WASHINGTON, March 2, 2016 /PRNewswire-USNewswire/ -- New government data confirm that Maryland has become a hotspot in the national identity theft epidemic, the National Consumers League warned today. According to the Federal Trade Commission's recently-released Consumer Sentinel Network Data Book, Maryland ranked fourth on the list of states with the highest per-capita identity theft complaints in 2015. Maryland had a total of 11,006 complaints in 2015, nearly doubling the previous year's 5,734 complaints when it only ranked tenth on the list.
The vulnerability of Marylanders to fraud, and particularly identity theft, is exacerbated by the ongoing problem of data breaches. According to Javelin Strategy & Research, two-thirds of identity fraud victims have received a data breach notification in the past twelve months. As data breaches continue to affect millions of Americans, it is likely that millions more will suffer from this scam.
"Data breaches regularly expose sensitive personal information about millions of Maryland consumers to cybercrime black markets," said John Breyault, Vice President of Public Policy, Telecommunications and Fraud at the National Consumers League. "Consumers can and should take steps to mitigate their risk of identity theft, but they can't prevent it entirely. Leaders in Washington need to help make sure that the companies that hold consumers' data protect it to the greatest extent possible."

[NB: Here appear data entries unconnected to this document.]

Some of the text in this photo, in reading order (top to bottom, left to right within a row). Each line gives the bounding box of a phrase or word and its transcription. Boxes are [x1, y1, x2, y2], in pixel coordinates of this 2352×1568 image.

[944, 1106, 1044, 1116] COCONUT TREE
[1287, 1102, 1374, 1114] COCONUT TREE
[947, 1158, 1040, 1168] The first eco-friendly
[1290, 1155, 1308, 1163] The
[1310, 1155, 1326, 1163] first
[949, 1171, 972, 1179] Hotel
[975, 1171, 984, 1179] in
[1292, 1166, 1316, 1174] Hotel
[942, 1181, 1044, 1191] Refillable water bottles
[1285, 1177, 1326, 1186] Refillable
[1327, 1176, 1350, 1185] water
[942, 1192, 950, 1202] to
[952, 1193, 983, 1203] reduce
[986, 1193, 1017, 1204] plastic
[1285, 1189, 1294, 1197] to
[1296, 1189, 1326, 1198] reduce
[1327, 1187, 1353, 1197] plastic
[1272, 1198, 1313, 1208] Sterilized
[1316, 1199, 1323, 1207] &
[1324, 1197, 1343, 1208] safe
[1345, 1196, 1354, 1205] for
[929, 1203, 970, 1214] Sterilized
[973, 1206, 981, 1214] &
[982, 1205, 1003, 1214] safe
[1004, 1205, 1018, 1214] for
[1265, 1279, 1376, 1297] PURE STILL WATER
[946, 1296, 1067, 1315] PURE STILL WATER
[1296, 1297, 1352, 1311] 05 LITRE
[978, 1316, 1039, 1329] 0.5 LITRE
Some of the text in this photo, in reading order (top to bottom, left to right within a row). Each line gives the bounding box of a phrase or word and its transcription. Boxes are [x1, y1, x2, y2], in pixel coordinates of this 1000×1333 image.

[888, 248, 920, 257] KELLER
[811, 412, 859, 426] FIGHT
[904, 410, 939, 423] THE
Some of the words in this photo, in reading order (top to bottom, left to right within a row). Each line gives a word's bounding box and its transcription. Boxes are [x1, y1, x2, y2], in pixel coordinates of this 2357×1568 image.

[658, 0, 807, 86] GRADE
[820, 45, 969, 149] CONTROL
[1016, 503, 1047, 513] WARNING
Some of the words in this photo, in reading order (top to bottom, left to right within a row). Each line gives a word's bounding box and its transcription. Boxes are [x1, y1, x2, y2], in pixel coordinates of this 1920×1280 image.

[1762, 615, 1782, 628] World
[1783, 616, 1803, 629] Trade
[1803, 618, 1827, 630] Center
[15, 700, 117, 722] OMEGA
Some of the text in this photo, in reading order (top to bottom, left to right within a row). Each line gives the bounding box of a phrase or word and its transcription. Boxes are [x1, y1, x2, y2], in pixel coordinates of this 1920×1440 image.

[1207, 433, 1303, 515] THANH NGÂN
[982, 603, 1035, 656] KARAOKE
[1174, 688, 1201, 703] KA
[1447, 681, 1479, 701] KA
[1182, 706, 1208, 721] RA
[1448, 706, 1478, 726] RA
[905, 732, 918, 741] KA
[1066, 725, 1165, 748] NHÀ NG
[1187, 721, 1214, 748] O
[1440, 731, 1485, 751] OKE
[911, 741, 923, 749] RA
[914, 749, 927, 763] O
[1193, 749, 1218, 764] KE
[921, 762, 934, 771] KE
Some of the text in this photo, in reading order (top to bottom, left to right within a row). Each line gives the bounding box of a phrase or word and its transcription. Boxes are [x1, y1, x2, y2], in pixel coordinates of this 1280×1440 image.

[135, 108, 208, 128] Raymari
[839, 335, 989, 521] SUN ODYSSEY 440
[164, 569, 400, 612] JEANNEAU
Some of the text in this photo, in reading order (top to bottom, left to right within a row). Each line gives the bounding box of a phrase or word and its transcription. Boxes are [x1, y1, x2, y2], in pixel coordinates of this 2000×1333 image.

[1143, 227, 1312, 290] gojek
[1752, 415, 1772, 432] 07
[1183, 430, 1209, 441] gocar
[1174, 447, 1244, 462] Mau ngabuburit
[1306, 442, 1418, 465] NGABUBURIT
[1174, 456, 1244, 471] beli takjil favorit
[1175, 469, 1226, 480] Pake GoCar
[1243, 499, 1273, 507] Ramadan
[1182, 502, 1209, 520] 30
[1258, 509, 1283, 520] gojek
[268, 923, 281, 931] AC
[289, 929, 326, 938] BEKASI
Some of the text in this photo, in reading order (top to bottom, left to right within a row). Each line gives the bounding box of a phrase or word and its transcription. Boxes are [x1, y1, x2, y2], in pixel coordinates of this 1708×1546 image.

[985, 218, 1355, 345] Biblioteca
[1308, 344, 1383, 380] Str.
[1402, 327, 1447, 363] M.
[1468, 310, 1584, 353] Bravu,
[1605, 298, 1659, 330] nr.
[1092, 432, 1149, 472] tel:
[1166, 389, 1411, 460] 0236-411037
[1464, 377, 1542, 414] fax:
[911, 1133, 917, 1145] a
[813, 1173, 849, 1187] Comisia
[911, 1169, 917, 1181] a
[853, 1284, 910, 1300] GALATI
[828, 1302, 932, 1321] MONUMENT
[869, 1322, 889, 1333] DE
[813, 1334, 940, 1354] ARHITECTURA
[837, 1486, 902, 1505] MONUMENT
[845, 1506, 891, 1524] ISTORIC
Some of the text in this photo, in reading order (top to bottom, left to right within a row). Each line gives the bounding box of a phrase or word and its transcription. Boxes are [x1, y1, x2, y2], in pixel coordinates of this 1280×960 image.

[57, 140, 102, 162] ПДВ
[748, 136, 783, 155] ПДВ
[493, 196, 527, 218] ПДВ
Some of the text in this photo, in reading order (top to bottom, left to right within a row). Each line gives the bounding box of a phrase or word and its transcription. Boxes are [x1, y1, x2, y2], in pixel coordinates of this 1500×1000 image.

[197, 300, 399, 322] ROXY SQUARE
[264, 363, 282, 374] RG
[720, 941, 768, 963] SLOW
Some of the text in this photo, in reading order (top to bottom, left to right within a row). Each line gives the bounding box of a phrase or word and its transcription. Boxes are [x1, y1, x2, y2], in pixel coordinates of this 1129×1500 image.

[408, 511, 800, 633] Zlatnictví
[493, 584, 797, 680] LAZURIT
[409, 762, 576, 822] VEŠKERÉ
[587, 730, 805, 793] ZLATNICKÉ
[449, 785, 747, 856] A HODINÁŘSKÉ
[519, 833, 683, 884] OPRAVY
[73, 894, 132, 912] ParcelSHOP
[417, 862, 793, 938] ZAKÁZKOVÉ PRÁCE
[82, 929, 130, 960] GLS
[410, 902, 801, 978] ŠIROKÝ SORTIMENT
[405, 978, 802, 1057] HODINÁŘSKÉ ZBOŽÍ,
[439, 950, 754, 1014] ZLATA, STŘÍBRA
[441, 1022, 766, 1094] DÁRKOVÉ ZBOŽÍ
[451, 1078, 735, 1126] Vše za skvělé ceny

While there is no foolproof way for consumers to protect themselves from identity theft, there are steps they can take that will reduce their risk. Tips to protect your identity include:
- Make sure browser, anti-virus, and operating system software are updated regularly;
- Use strong passwords that are different for each website;
- Enable two-factor authentication when possible (this is the code sent via text to your mobile phone which you use to log into a website);
- Secure your home wireless router and network;
- Don't click on links in emails or download attachments you aren't expecting; and
- Know what companies store your personal data and limit what you share.
- File your taxes early in the tax season. Tax-related identity theft is a top source of identity theft complaints. NCL has published a step-by-step guide to spotting and recovering from this fraud.
- Review your credit reports regularly at www.annualcreditreport.com and report any suspicious activity promptly.